HomeSpecial ReportsColorado Court Ruling Stresses Importance of Documenting Employee Illnesses

Colorado Court Ruling Stresses Importance of Documenting Employee Illnesses

Chronic nausea that is associated with taking medication might not seem like a big deal. But if you don’t formally report it to your employer, chances are that protections under the Americans with Disabilities Act (ADA) will be of little help.

That’s the lesson from a recent court ruling in Colorado, involving two student transportation employees with undocumented illnesses and frequent, unexcused breaks.

“Unfortunately, most employers are not going to take a step back, stop the disciplinary process or the investigative process, and decide whether or not there’s a disability issue,” said Denver-based attorney Christopher Lujan, referencing a recent case in which he represented a former bus driver and monitor in their lawsuit against Westminster Public Schools. “Most employers are not going to do that, and that’s unfortunate, especially in this case, because until they got sick, you had two high-performing, long-serving employees. You would have thought they would have gotten the benefit of the doubt.”



Westminster Public Schools, which is located in Adams County, Colorado, hired Deborah Solis as a monitor and Janet Thompson as an on-call bus driver in 1996. Thompson was granted permanent status at the beginning of 1997.

Westminster Public Schools, which is located north of Denver, currently employs 26 drivers and 11 monitors to transport 3,692 students along urban routes. General education routes average 46 miles, while special education routes can stretch 65.5 miles. In total, the district serves 9,277 students.

The district also made local headlines earlier this year, when it offered to pay entry-level teachers an annual salary of $50,497, which is the highest base salary in Colorado.

After Thompson underwent a breast biopsy in 2012, she was prescribed medication to reduce her risk of further developing cancer. The medication’s side effects included nausea and vomiting, and with that, an increased need for bathroom breaks.

Solis, who suffers from neurofibromatosis and uses a permanent urostomy pouch, also needed extra breaks.

They began servicing route 22 for students with special needs in 2013, and regularly stopped the bus—when empty—to make bathroom breaks, as needed. They said they assumed their supervisors knew and condoned the practice because they claimed other employees stopped for smoke breaks or to make house calls. There didn’t seem to be an issue until new supervisors started looking into driver behavior on their routes.
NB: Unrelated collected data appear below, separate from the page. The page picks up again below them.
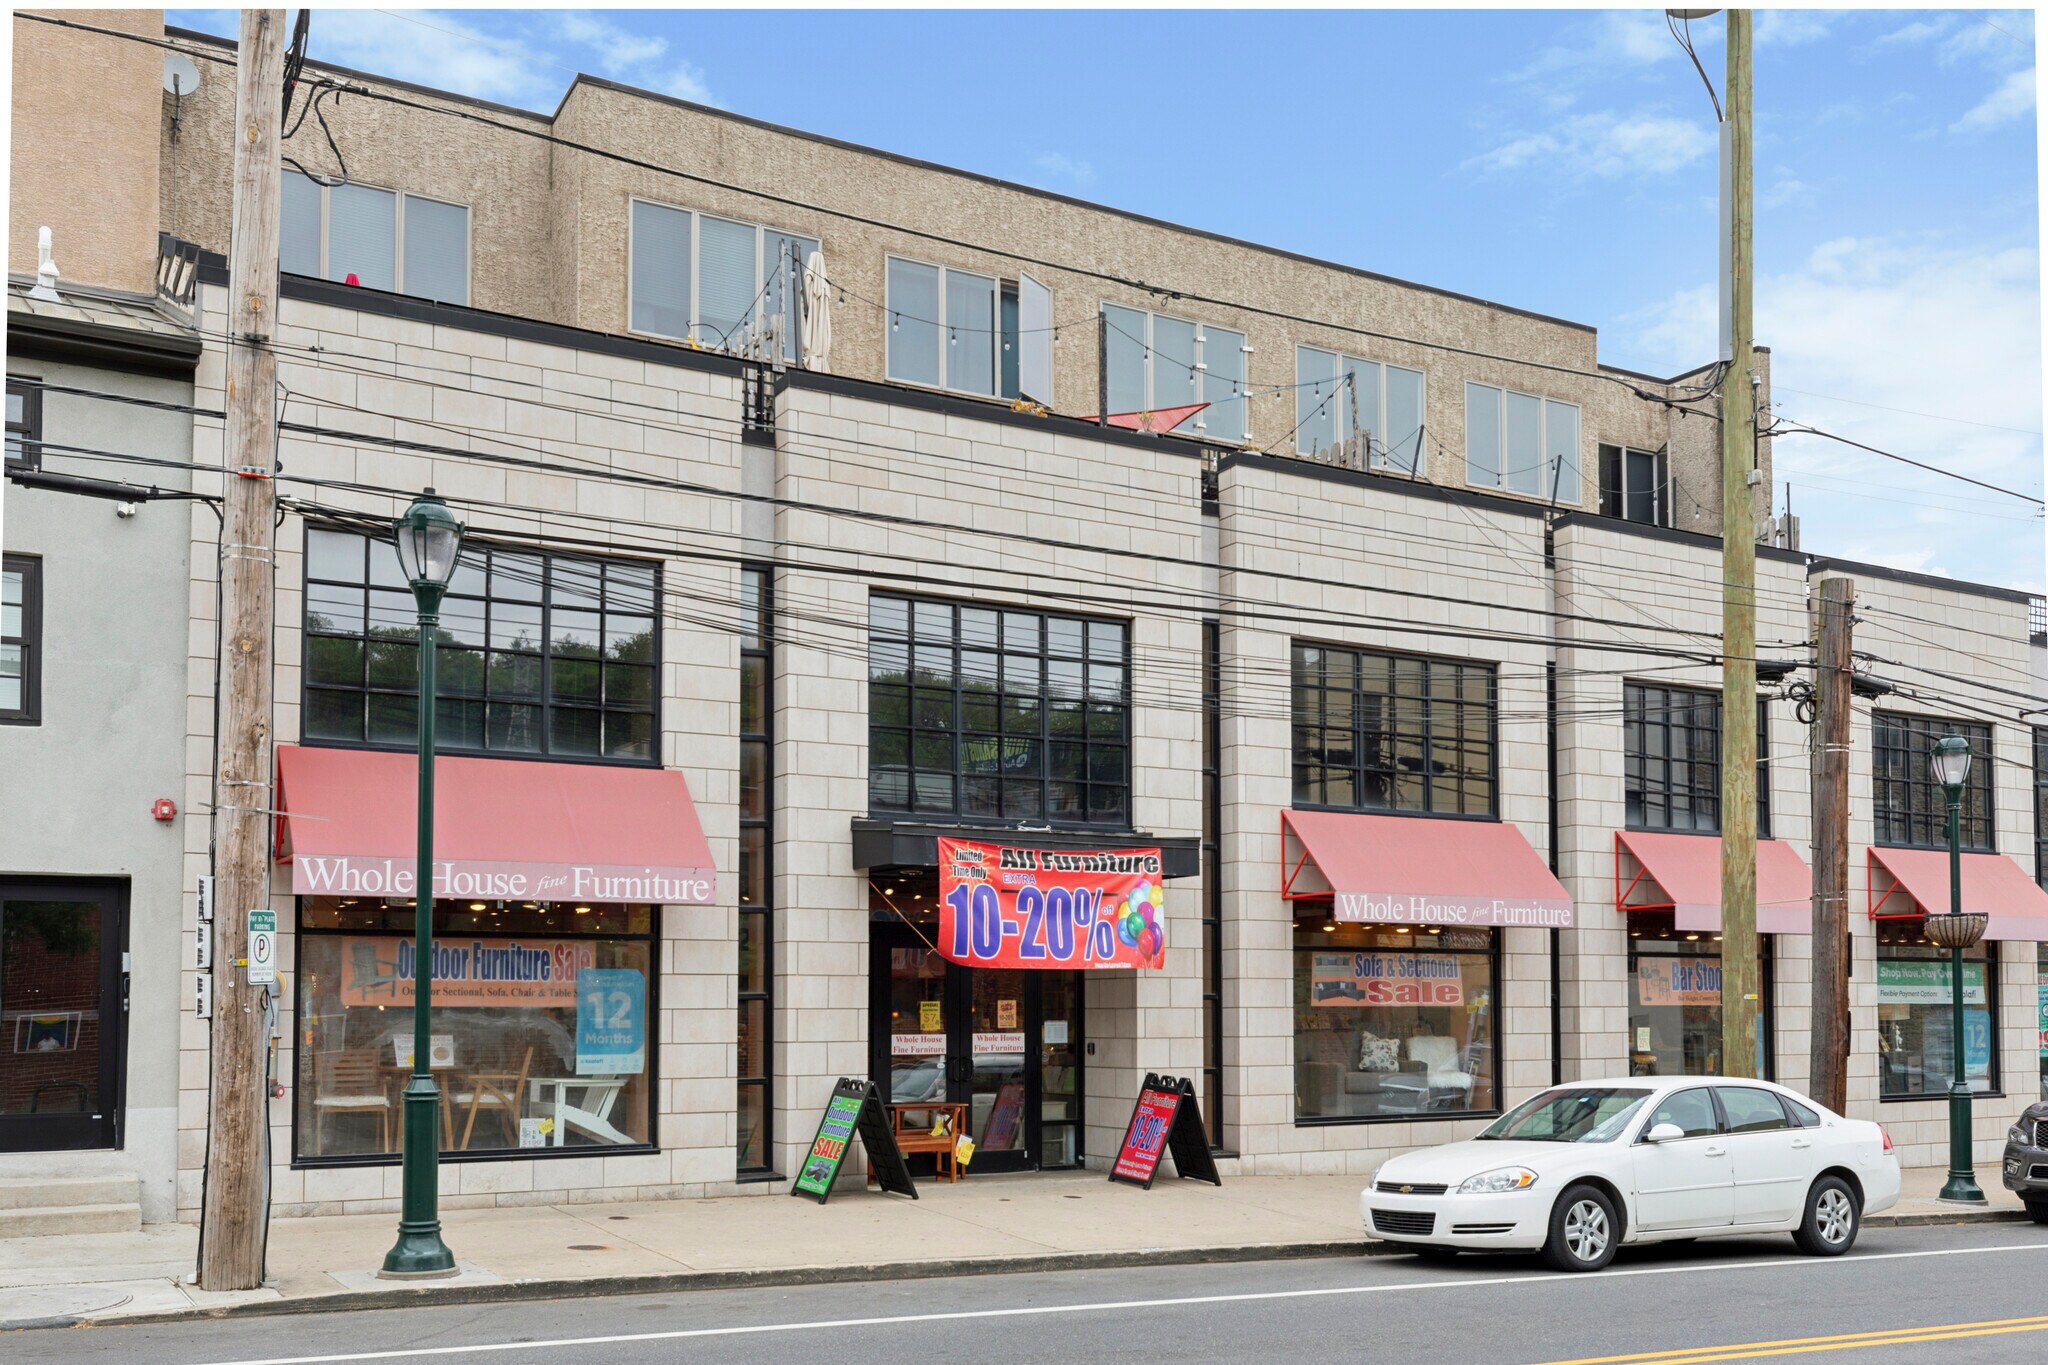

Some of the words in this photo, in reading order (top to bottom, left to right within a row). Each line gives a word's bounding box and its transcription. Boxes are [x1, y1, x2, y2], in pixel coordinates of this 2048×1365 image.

[956, 849, 983, 863] Limited
[1000, 848, 1037, 872] All
[1040, 851, 1160, 875] Furniture
[299, 857, 414, 894] Whole
[432, 862, 527, 897] House
[531, 875, 568, 897] fine
[571, 867, 709, 901] Furniture
[952, 865, 970, 878] Time
[970, 867, 987, 880] Only
[1003, 873, 1037, 884] EXTRA
[1102, 905, 1113, 915] off
[1341, 894, 1404, 921] Whole
[1409, 896, 1467, 923] House
[1469, 905, 1489, 924] fine
[1492, 900, 1571, 926] Furniture
[946, 882, 1115, 961] 10-20%
[258, 938, 265, 957] P
[472, 941, 551, 983] Furniture
[553, 942, 593, 982] Sale
[1354, 953, 1384, 979] Sofa
[1386, 956, 1396, 978] &
[1398, 955, 1459, 979] Sectional
[1671, 960, 1693, 992] Bar
[1880, 967, 1901, 981] Shop
[1902, 968, 1920, 978] Now.
[1920, 968, 1937, 981] Pay
[442, 987, 485, 998] Sectional,
[510, 987, 536, 998] Chair
[550, 988, 573, 998] Table
[1366, 980, 1461, 1004] Sale
[1898, 990, 1919, 999] Payment
[1920, 990, 1938, 999] Options
[587, 991, 633, 1029] 12
[585, 1033, 633, 1044] Months
[896, 1034, 919, 1043] Whole
[920, 1034, 943, 1043] House
[976, 1034, 998, 1043] Whole
[1000, 1033, 1022, 1042] House
[1967, 1024, 1986, 1048] 12
[893, 1045, 910, 1054] Fine
[911, 1045, 945, 1054] Furniture
[974, 1045, 990, 1053] Fine
[991, 1044, 1024, 1053] Furniture
[1152, 1093, 1177, 1109] Furniture
[827, 1106, 857, 1123] Outdoor
[821, 1121, 851, 1138] Furniture
[1127, 1114, 1165, 1152] 10-20%
[813, 1137, 844, 1161] SALE
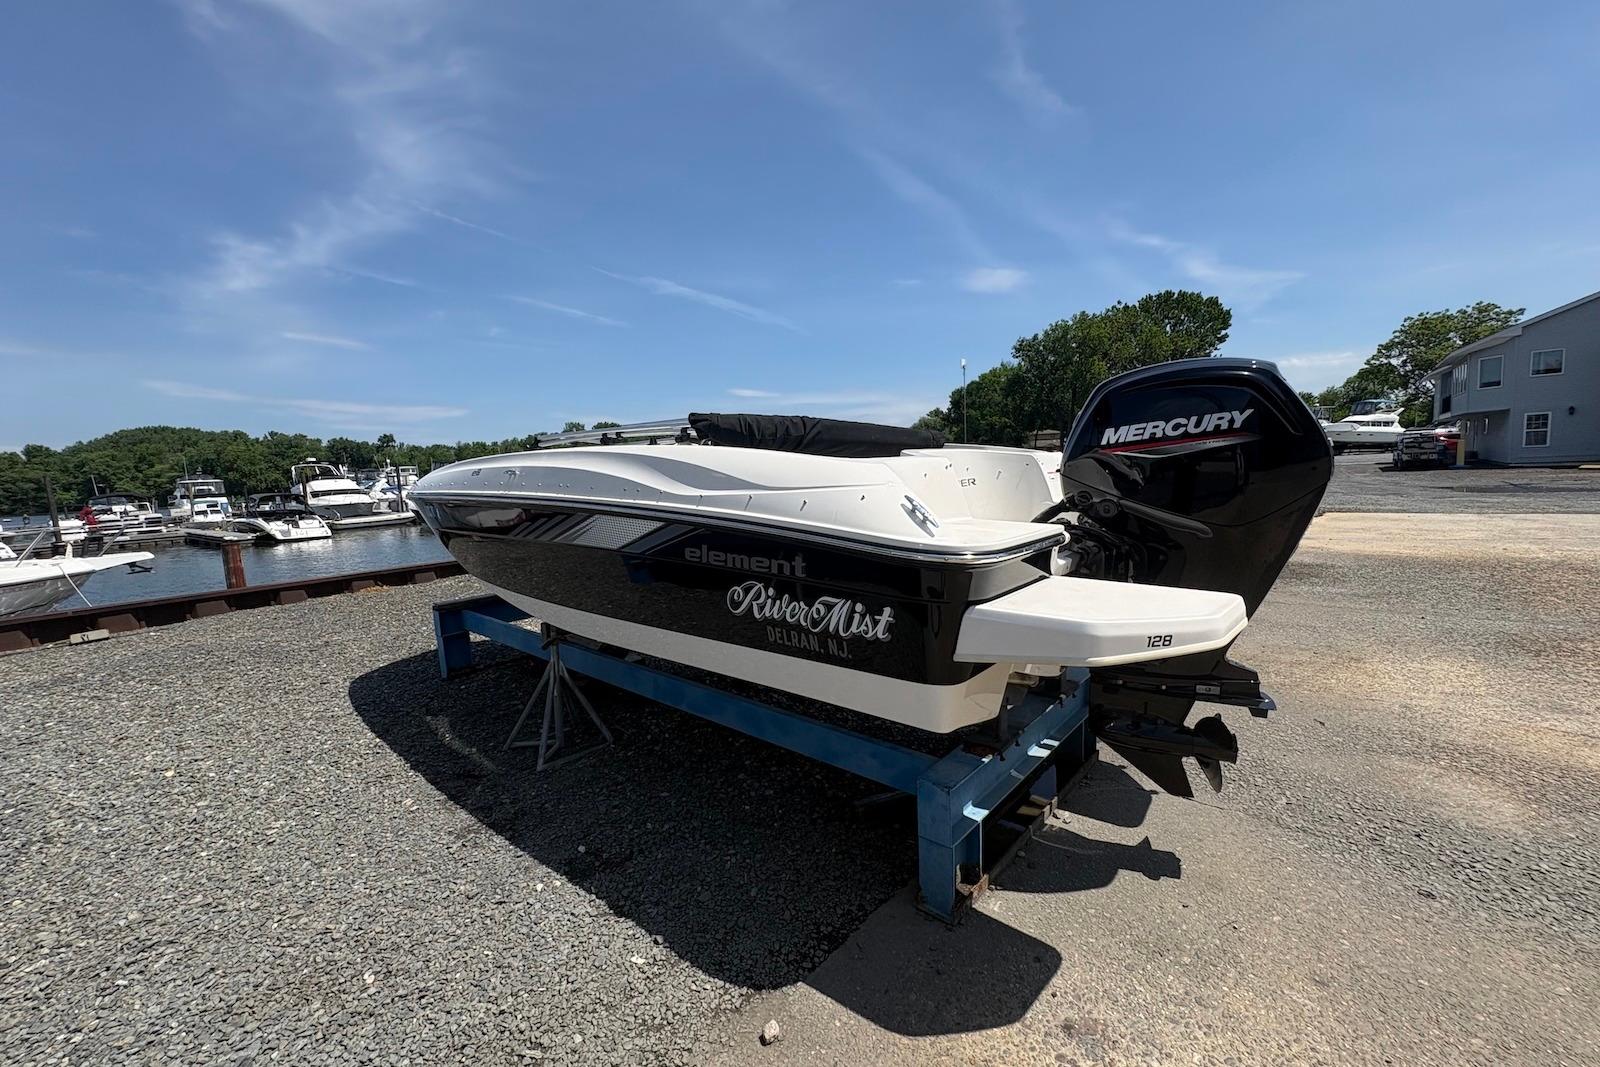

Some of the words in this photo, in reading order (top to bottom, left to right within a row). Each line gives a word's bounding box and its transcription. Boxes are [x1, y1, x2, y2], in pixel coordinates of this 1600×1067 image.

[1101, 408, 1255, 446] MERCURY
[684, 544, 807, 578] element
[1147, 635, 1173, 648] 128
An investigation by the district of the two women found that Solis and Thompson frequently stopped at a 7-11. The district had a video of Thompson and Solis “planning to ‘stall’ before returning to the transportation garage.” According to court documents, Westminster Public Schools possessed no paperwork that showed Solis and Thompson had a medical condition that required extra breaks.

Citing misconduct because the pair was allegedly “falsifying timesheets and leaving duty assignments without authorization,” both human resources and the Westminster Education Association union recommended that Thompson and Solis resign to avoid being fired.

“One common defense to an ADA claim is the employer claims they did not know. In fact, you saw that in this case,” Lujan said.

Neither Thompson nor Solis submitted formal requests for accommodations under the Americans with Disabilities Act, or doctor notes, until after they were being investigated by the district. Federal Judge William Martinez concluded that without this key piece of evidence, no reasonable jury would find in their favor. On May 8, Martinez issued a summary judgment in favor of Westminster Public Schools.

Lujan agreed. “When employees are bringing up disabilities in the midst of an investigation into their wrongdoing, by then, it’s probably too late,” he added.

Still, there is a lesson for employees and employers alike.

“Had human resources been more proactive in identifying the issues here, all of this could have been avoided,” said Lujan, who previously worked in the human resources department for the City and County of Denver. He explained that a proactive human resources team could not only ensure employees understood their rights under the Americans with Disabilities Act, but also could have followed up after noticing an employee made frequent trips to the doctor.

In an industry where a sedentary lifestyle often leads to health issues, Lujan added that taking an interest in employee health helps with both retention and reducing healthcare costs.

Lujan’s advice to drivers focused on two key points: “No. 1: Go to a doctor often. No. 2: When these employees first start encountering [an] illness that impacts their ability to do their jobs, they need to have that documented and provided to HR, ASAP.”

Both employees and organizations need to be aware that there are two key exceptions to the Americans with Disabilities Act:

  • Requested accommodations must be reasonable.
  • The law does not excuse wrongdoing.

The district and its attorneys declined to comment on the case, except to say that “the court ruling speaks for itself.”